The dressage was solid, if not inspiring. The Show Jumping was Sooooo slippery, on top of hard ground underneath. Poles were crashing all over both in the collecting ring and in the arena itself. I noticed Jay shortening his stride on the slippery hillside, and decided that he knew what he was doing, and allowed him to go tentatively.

It worked, he did not touch a pole all day, although we managed two strides in the one stride double. It was slow and careful and clear! Good boy, clever Jay!

For our Cross Country Jay arrived very relaxed into the start box, and was ...... obliging I would say. Like the dressage he was solid and relaxed, but maybe not inspirational! In fact we had a video by head cam, and watching it is funny as the view I have the entire time was of a pair of relaxed, floppy ears, one of which regularly turns round to tune in with me, to see that I am happy. A steady clear again, with some time penalties.

There were some more events that we could have done, but I just felt tired, so we wrapped it up there and then. Not bad, 5 events and double clear in them all. I know Jay could have blasted through a whole load more events, but that did not suit me so we have had an easy, happy season, and are in an excellent place physically and mentally to start again next year.

And that brings me to the second part of the title of this blog, hibernation. I was generally tired, so decided that Jay could have a holiday. Normally if I am resting I still "play" with Jay to keep him entertained, but this time I did not.

For three weeks I turned Jay out in the morning and brought him in in the evening, and that was that. I guess I could have known better than that, but anyways, after three weeks I was rugging up, and Jay BIT me!!! I was astonished. I had noticed that when groomed and rugged he had been a bit grumpy, but had decided to ignore it as I trusted Jay. My mistake.

I bought Jay with a history of him being a difficult horse, but I have found that when handled with care he is great, kind and generous. I now know that even after 2 1/2 years of ownership if he is ignored he is pushy, and if the pushiness is not addressed he will take over.

No long term harm done, just a bruise, but as a consequence Jay  came back into work, schooling and a bit of jumping too, and he is all the happier. I am also back to paying attention to what is happening in "Jay's world" rather than just going through the motions.

This time of year is always difficult, with the shorter evenings I am less inclined to want to start and invent fun stuff at the end of a day, and because of this there is a balance to be struck between work, discipline, play, and plain time out! I am playing this out by Jay having a few days off each week, but then working at home in the arena either ridden or lunged before boxing out to do more exciting stuff pn subsequent days. That is our balance.

I have spoken to a lot of other people who are finding it difficult too, and I have been determined not to feel guilty in any way. My job is to keep us both safe until the light and weather improve and it all becomes more like fun again.
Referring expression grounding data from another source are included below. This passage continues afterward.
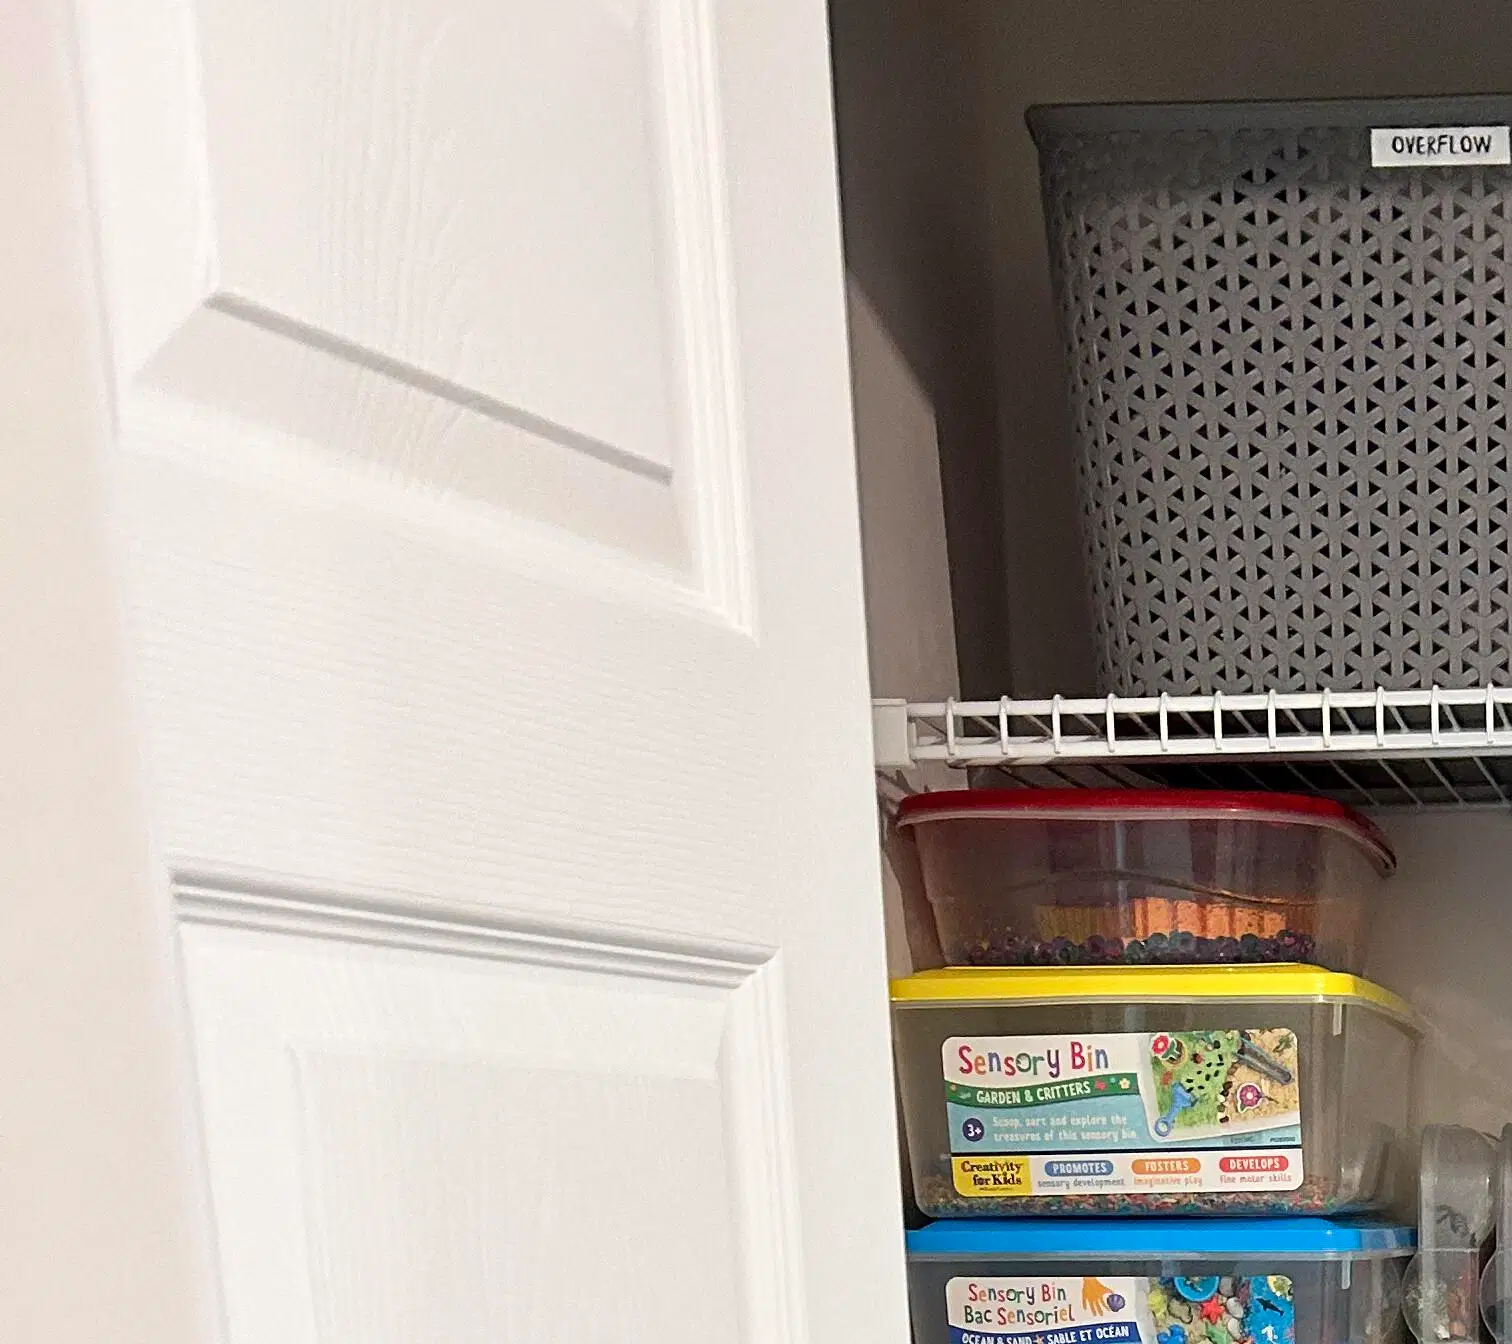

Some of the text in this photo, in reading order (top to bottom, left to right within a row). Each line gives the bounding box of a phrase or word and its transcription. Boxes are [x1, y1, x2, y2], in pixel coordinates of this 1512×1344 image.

[1392, 134, 1491, 157] OVERFLOW
[958, 1041, 1109, 1078] Sensory Bin
[976, 1081, 1091, 1104] GARDEN & CRITTERS
[1070, 1116, 1108, 1128] explore
[1111, 1115, 1127, 1125] the
[967, 1124, 982, 1137] 3+
[961, 1161, 1023, 1173] Creativity
[1053, 1164, 1107, 1174] PROMOTES
[1145, 1161, 1189, 1172] FOSTERS
[1230, 1158, 1280, 1170] DEVELOPS
[973, 1173, 1022, 1186] for Kids
[1037, 1177, 1125, 1188] sensory development
[1133, 1175, 1203, 1187] imaginative play
[1267, 1174, 1292, 1182] skills
[968, 1283, 1066, 1305] Sensory Bin
[964, 1304, 1075, 1325] Bac Sensoriel
[1080, 1330, 1092, 1341] ET
[1096, 1325, 1129, 1339] OCÉAN
Last week I had a week off, and after a week of full work preparing Jay physically and mentally for an outing we went to Arena UK for a bit of jumping fun. It was great, we did not go there "for" anything, just because we can, and it seemed like an entertaining diversion.
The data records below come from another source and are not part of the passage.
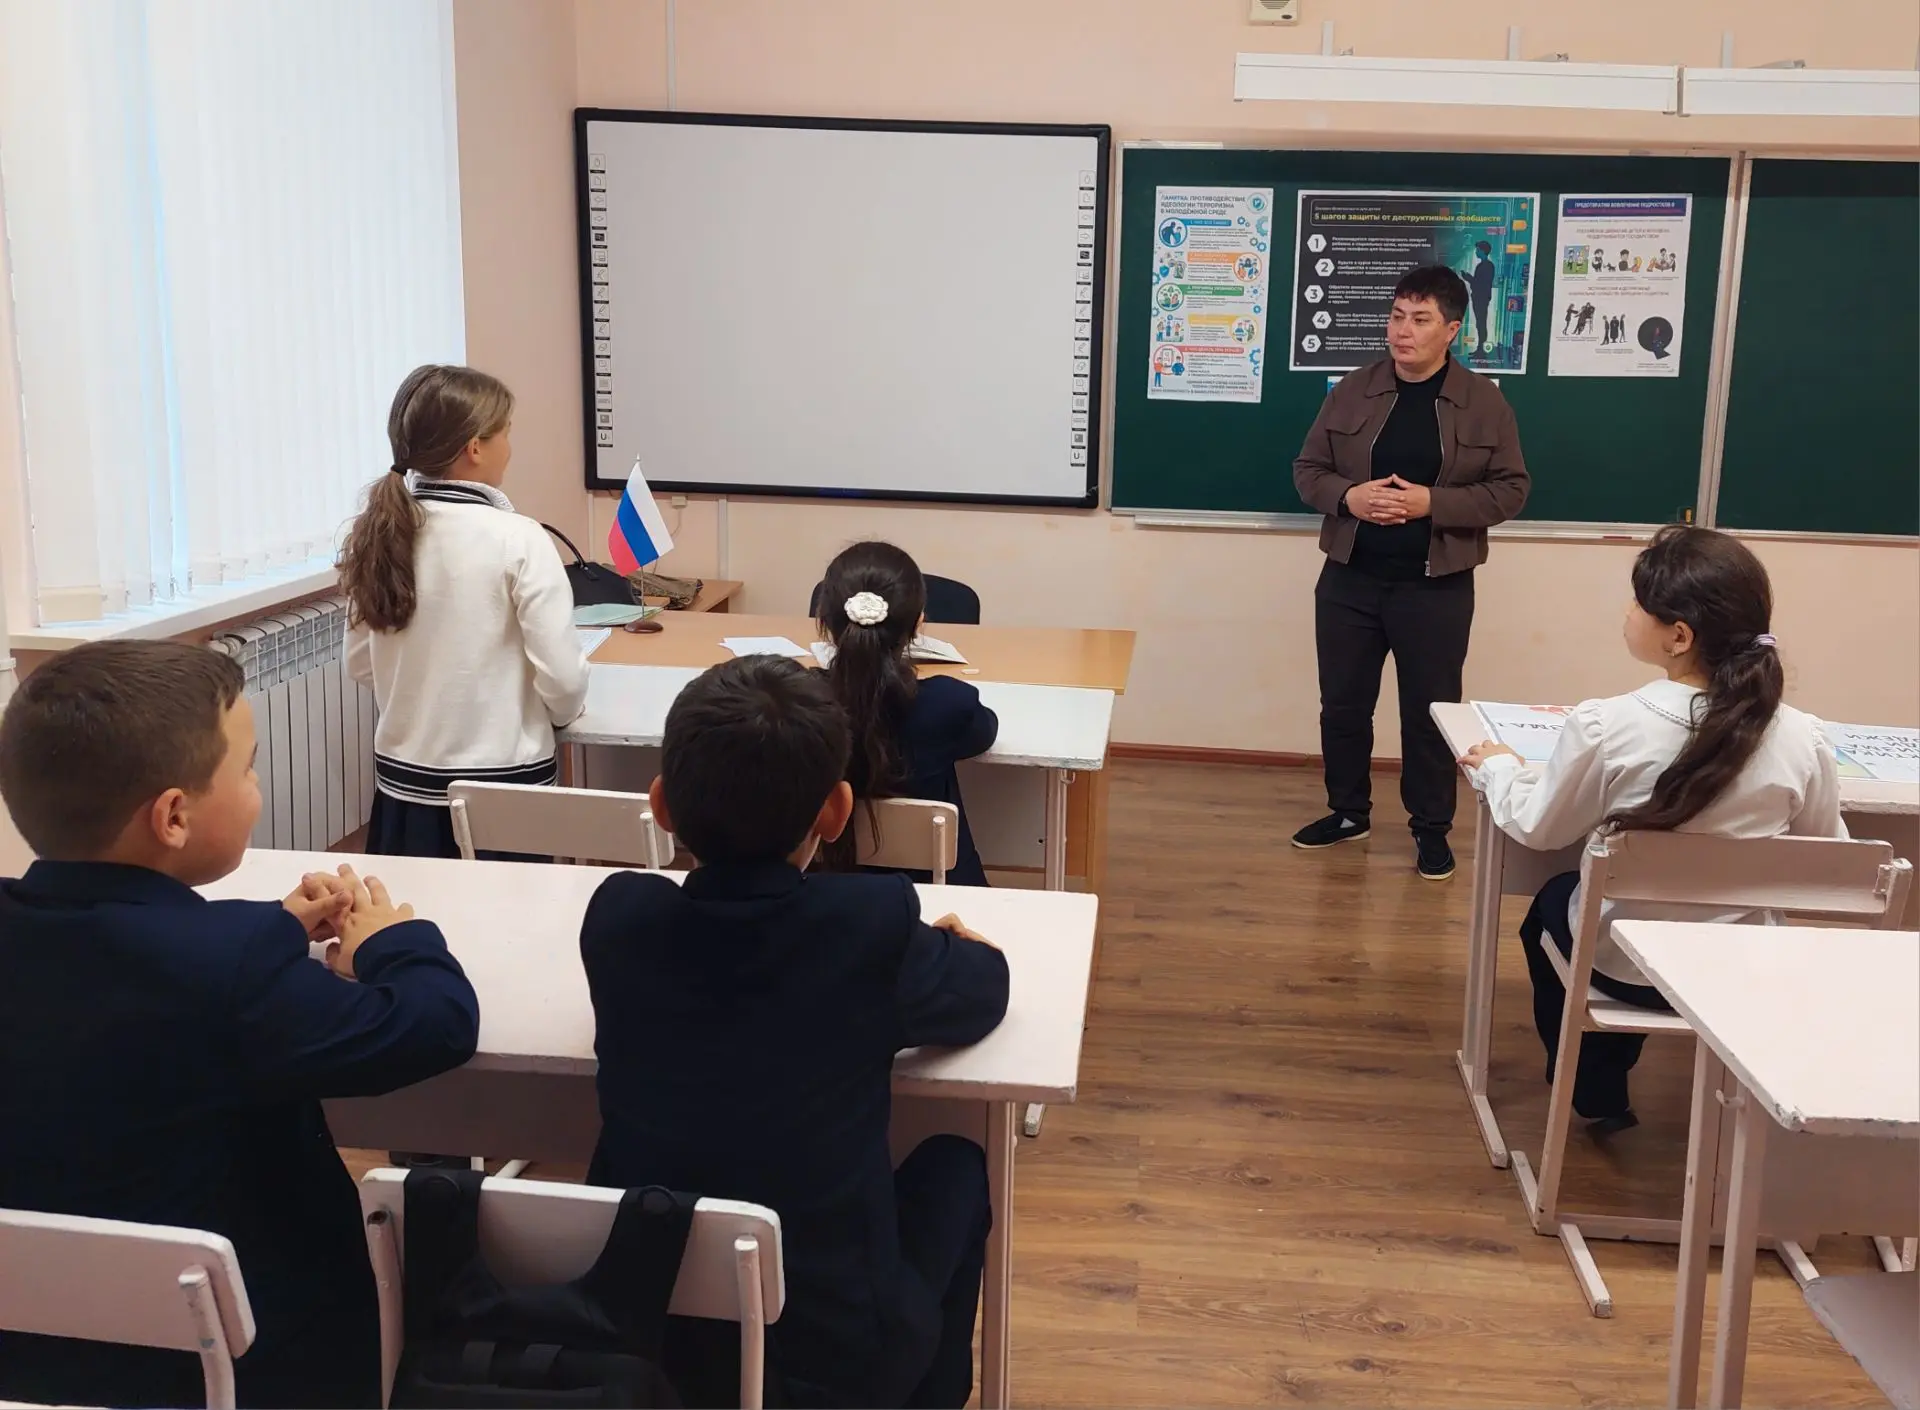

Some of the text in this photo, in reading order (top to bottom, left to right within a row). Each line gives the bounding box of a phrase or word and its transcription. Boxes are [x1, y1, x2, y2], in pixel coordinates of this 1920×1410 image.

[1314, 212, 1319, 220] 5
[1348, 213, 1380, 221] защиты
[1391, 214, 1455, 222] деструктивных
[1456, 214, 1502, 222] сообществ
[1314, 238, 1319, 249] 1
[1320, 261, 1329, 273] 2
[1309, 288, 1318, 299] 3
[1316, 314, 1326, 325] 4
[1307, 338, 1316, 349] 5
Jay was great, the first class he was a nanny to me as the collecting ring was so busy it made me nervous. He did a careful clear and was obviously very pleased with himself. Sadly it was so steady and relaxed (floppy ears in view all the way round) that we actually got three time penalties, so instead of prepping for the jump off Jay went back to the box. He was not happy, he stopped and kept looking back to the arena, he obviously thought he was to go in the jump off.

We persuaded him back and he had a break, then I prepped him for the second class. This was run as two phase, where if you are clear over the first part of the course you continue straight on to the jump off fences without leaving the ring. As soon as I mounted up I realised that Jay still had it in mind to do a jump off, he was a lot more forward and quicker, very positive in the warm up. This is a video of us in this class.
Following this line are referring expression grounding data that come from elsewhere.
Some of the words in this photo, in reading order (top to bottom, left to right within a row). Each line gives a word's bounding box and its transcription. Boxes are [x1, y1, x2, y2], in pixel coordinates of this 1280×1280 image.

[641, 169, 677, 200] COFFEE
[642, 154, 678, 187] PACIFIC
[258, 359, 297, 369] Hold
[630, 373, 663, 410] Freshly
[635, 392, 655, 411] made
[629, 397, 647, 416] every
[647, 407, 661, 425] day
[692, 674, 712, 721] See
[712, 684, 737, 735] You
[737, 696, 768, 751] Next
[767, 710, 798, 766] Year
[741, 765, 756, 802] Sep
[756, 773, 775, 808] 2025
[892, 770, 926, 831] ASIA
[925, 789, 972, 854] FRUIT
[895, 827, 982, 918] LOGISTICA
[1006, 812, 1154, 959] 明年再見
Jay was a star, very happy, and quick enough to say I was not asking for speed.

We were double clear but not fast enough for a prize,  but the funniest part of the day was still to come. As we finished I patted Jay, and he did his victory dance where he snakes his neck in an exaggerated canter as if he is expressing to the world how clever he is and how happy too, then he came out of the ring, I dismounted, and Jay DEMANDED a sweet. There was no doubt about it, I have never tit bitted before at a show, but he was quite clear, he knew he had done well and deserved a sweet.

It caused a bit of an undignified scramble back at the lorry, but we found a packet of Polos and satisfied Jay.

The next day Jay was quite tired I think, the blog header photo was Jay the day after snoozing in his all weather turn out.

Now? I really don't know. Today it is blowing a gale, tomorrow it is due to snow. We are back in hibernation I think, keeping safe and waiting for better times to train, compete, play and have fun. No guilt!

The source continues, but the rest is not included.